İnşallah terör biter ve Türkiye barışı iliklerine kadar hisseder. Bundan sonra Türkler de Kürtler de kadim kardeşliklerinin tadını çıkarırlar.

Fakaat!…

Sağlanacak olan barış havası, bizi rahavete sevk etmemelidir.

Gelinen aşama, bir bitiş değil, yeni hamlelerin müjdecisidir. Artık büyük düşünme ve 20. Yüzyıl paradigmalarını çöpe atma zamanıdır.

Ezik, içine kapalı; bir türlü Lozan aşağılık kompleksinden kurtulamayan “partizan cumhuriyetçiler”in “korku kültürü” pompalamasından kurtulup eğik başımızı kaldırmamız ve etrafımıza şöööyle bir bakmamız lazım.

Artık Türkiye eski Türkiye değildir. Kabına sığmayan, ufkunu genişletmeye çalışan, gömleği dar gelen bir ülkeyiz artık. Ayaklarımıza dolanan terör belasını da savdık mı, Türkiye “Büyük Türkiye” olacak. Adı “Türkiye” olur, “Büyük Türkiye” olur, “Federal Türkiye Cumhuriyeti” olur… Bir şey değişmez…

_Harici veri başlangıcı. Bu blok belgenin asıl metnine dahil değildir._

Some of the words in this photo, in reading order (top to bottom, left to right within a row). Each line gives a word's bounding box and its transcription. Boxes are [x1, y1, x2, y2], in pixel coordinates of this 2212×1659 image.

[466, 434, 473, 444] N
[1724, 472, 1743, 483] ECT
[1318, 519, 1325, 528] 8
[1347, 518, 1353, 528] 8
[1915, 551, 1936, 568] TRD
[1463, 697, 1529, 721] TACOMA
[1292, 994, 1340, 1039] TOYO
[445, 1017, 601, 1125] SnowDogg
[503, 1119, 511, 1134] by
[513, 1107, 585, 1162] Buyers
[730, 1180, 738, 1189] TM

4 parçaya bölünmüş Kürtler, sadece Selçuklu ve Osmanlı zamanında bir arada idi. Bir kısmı İran’da, bir kısmı Irak’ta, bir kısmı Suriye’de kaldı Lozan ile… (Gerçi İran’da kalan parça daha eskidir.) 4 parçaya ayrılmış Kürtlerin birleşmesi ancak Türkiye’nin büyümesiyle mümkündür. Kısacası, Kürtlerin şahsiyet bulmasının tek şansı, tarihi dinleyip Türkiye’ye entegre olmaktır.

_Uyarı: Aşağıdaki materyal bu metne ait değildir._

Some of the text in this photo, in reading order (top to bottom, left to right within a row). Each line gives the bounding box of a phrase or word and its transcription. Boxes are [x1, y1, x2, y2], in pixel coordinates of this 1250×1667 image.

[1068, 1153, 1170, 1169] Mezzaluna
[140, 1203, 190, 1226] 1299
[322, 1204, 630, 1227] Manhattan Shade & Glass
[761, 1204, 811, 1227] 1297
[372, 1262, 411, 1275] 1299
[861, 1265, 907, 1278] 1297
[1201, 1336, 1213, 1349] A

Artık taşlar yerinden oynamıştır. Hazır taşlar yerinden oynamışken ve kartlar tekrar karılacakken, Türkiye de tarihî misyonuna yakışır bir şekilde davranmalı ve hiç olmazsa, İran dışındaki Kürtleri birleştirecek bir stratejiyi hayata geçirmelidir. Nihayetinde, Irak ve Suriye’deki Kürtler, Türkiye’deki Kürtler’in uzak veya yakın akrabasıdır. Ayrıca, Irak ve Suriye Kürtler’i için Türkiye, dünyaya açılma noktası olacaktır. Yani Türkiye câzibe merkezi olacak ve mensup olmakla büyük avantajlar elde edilecek bir ülke haline gelecektir.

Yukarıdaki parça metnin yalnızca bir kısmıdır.